Mr. Speaker, I will be splitting my time with the member for Dartmouth—Cole Harbour.
In many respects it is the culture of the nation that defines its values and its character. Nations across the world are often associated with the cultural institutions they have nurtured and supported.
One has only to mention institutions like the British Broadcasting Corporation and immediately there is a multitude of thoughts that come to mind. High quality news coverage, documentaries, outstanding dramas and humourous comedies, all of which reflect the essence of British culture and the perspective that the British people have on the world.
It should be noted that even during the days of former prime minister Margaret Thatcher, who maintained a solid commitment to privatization, the institution of the BBC was essentially retained as she had found it.
It is in this respect that we today examine, among other things, the importance of arts and culture to the preservation and promotion of our national values and vision, of institutions like the Canadian Broadcasting Corporation.
Since it was brought into existence, the CBC has been the epitome of Canadian culture and the values of this society. It is really quite remarkable when one reflects over the years upon the enormous contribution of the CBC to Canadian life. It is an institution that brings all parts of this enormously diverse country together, both geographically and in the spirit of Canada.

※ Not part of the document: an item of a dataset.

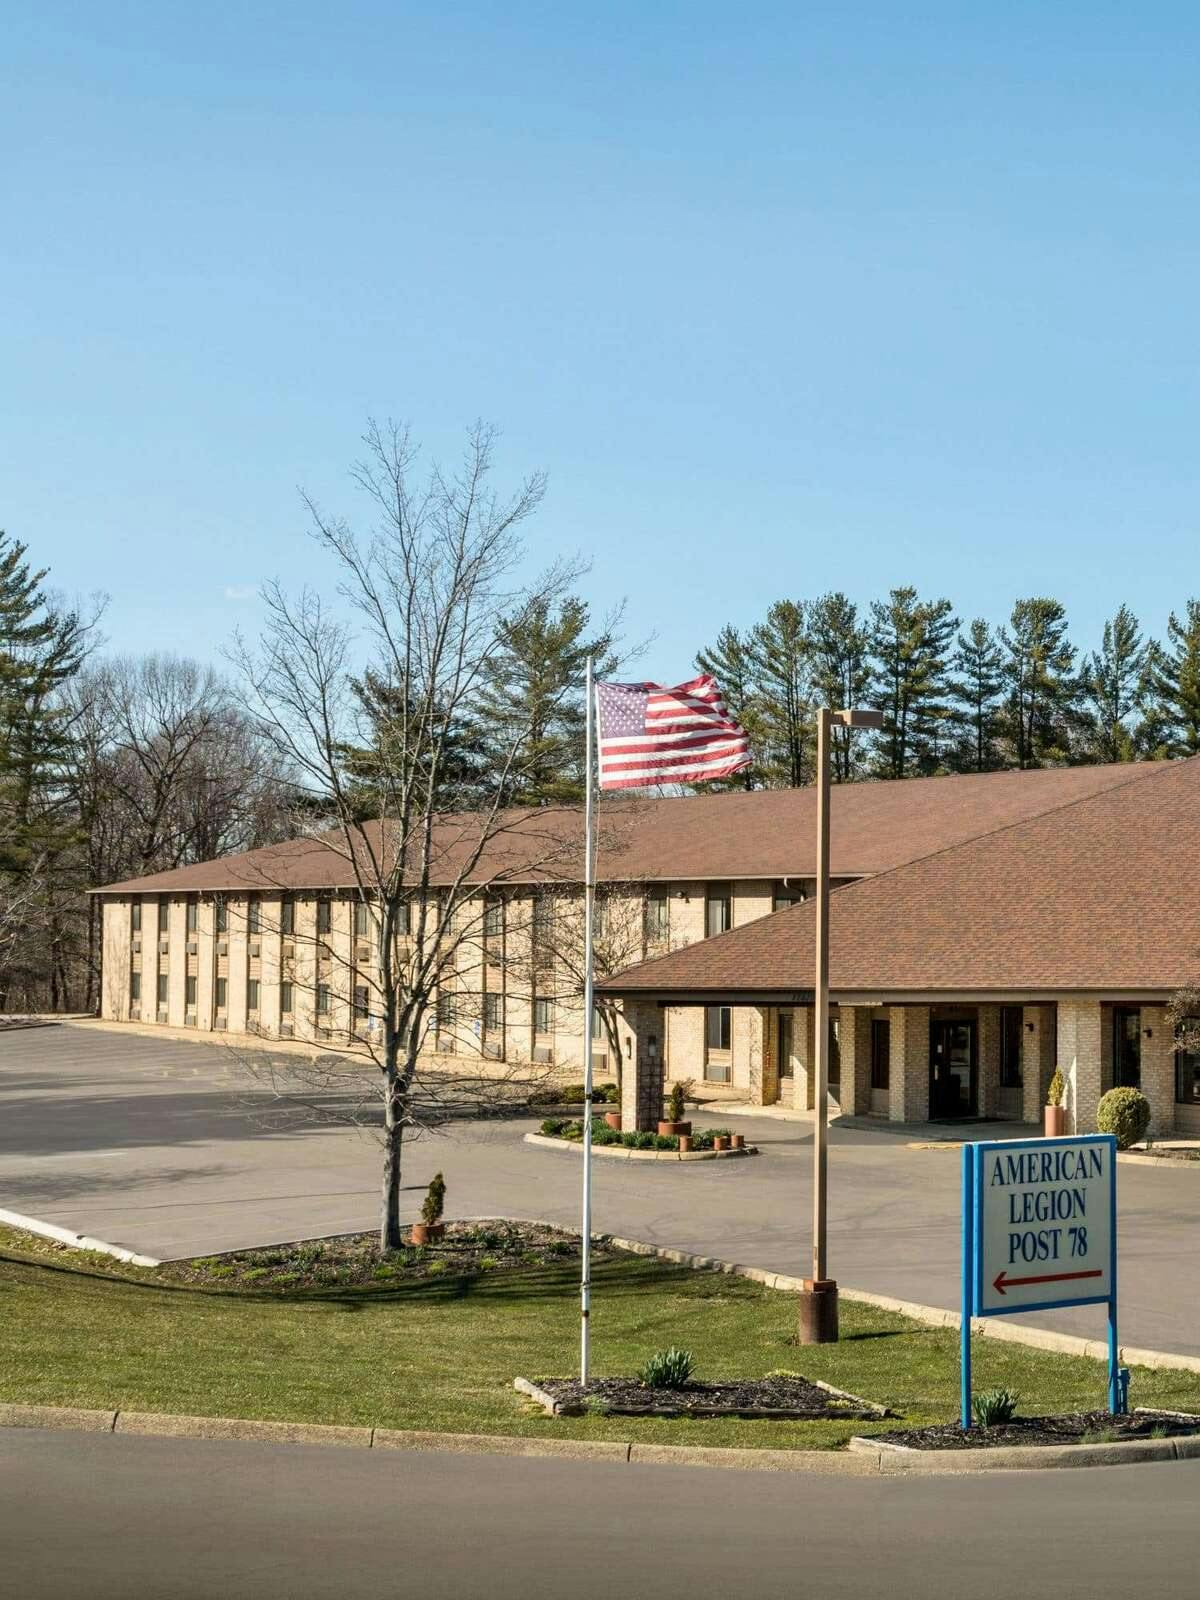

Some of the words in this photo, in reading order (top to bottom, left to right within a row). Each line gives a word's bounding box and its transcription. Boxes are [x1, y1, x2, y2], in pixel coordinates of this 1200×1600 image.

Whether a person lives in a remote community in Newfoundland, or in a large Ontario urban centre, or on our country's beautiful Pacific coast, the CBC carries the same message to Canadians, demonstrating that, although we may be far apart, we are all linked by this great national institution.
Today, as we discuss issues of arts and culture, we must remember that we are cheering on the Edmonton Oilers, the last Canadian team now in the Stanley Cup playoffs, and we are watching it on the CBC.
If at Remembrance Day we are marking the great sacrifices made by Canadians to preserve freedom, we are watching the ceremony on the CBC. It is the same whether it is Canadian comedy, Canadian music, Canadian talk shows, Canadian political broadcasts, Canadian drama, and the list goes on.
We need to continue to fund the CBC. In fact, we need to increase the support it requires to continue to grow in service to Canadians. We need a strong and vital CBC. To achieve that, the CBC needs the proper funding. To help sustain our cultural fabric, the CBC needs the funds required to provide the level of broadcasting that will be competitive, interesting and informative for Canadians.
As Canadians, we inherently know the value of the CBC to Canadian life. We must also match this recognition with a commitment to provide the kind of funding that makes the CBC viable and pertinent in an ever increasing competitive market.
Today's debate also brings our attention to the issue of support for our official languages policy. Language is the essence of much of our communication. Through it, we express ourselves, our beliefs and we share our identity.
Our great former prime minister, Pierre Elliott Trudeau, recognized the importance of our two founding cultures to the character of our country. It is for this reason that he facilitated the implementation of our official languages policies. They help to accentuate the character of the two founding nations of modern Canada. Across the world we are known as a nation that speaks both French and English.
Indeed, when I travel, people across the world simply assume that as a Canadian I speak both languages. It is quite a laudable ideal and one that perhaps one day will be a reality, every Canadian having the ability to communicate in both of our beautiful languages. Since language helps to define who we are, it is imperative that our official languages policies are not only retained but nurtured.
I am concerned that the new government may lack the level of commitment to official languages policies that have characterized the beliefs of Canadian governments, both Liberal and Conservative, for quite some time now. I encourage the hon. members in the chairs opposite to join with us in maintaining a solid and abiding commitment to Canada's two official languages.
Similarly, as we look at funding issues in respect of the arts, we must also continue to expand our support for the Canada Council for the Arts. This agency is an arm's length body that supports the arts in Canada through grants, services and awards. Many individual groups over the years have benefited enormously from the support they have received from the Canada Council for the Arts. Across Canada the message of what it means to be Canadian expressed in arts and culture has been supported by the great work of the council.
The previous Liberal government had committed to doubling the funding for the Canada Council for the Arts to $301 million by 2009. We do not see a commitment of this kind, or anywhere near it, from the current government.
Indeed, following the last Liberal budget it was Karen Kain of the Canada Council for the Arts who said that the budget was wonderful news, as indeed it was. In practical terms, it provides the financial resources that are so essential to continue to promote our cultural growth and diversity, these being indispensable foundations of our Canadian identity. All of these institutions play an important role in fostering the multicultural identity that has become the envy of the world.
I am pleased and honoured to represent the people of Davenport. Davenport is located in the heart of Toronto, which is widely recognized as the most diverse city in the world. This diversity is one of the city's greatest strengths. It is also one of our country's greatest strengths. It is a great honour to be recognized like this across the world.
Whether it is the CBC, the Canada Council for the Arts, or the Canadian Television Fund, we must continue to support their work, work that promotes Canada to the world, work that sustains our great multicultural identity known throughout the world. These are the foundations upon which our cultural identity rests. Time does not permit a long discussion of the many other institutions that help promote the arts and culture of Canada but we certainly are very lucky with the importance of the arts in this country.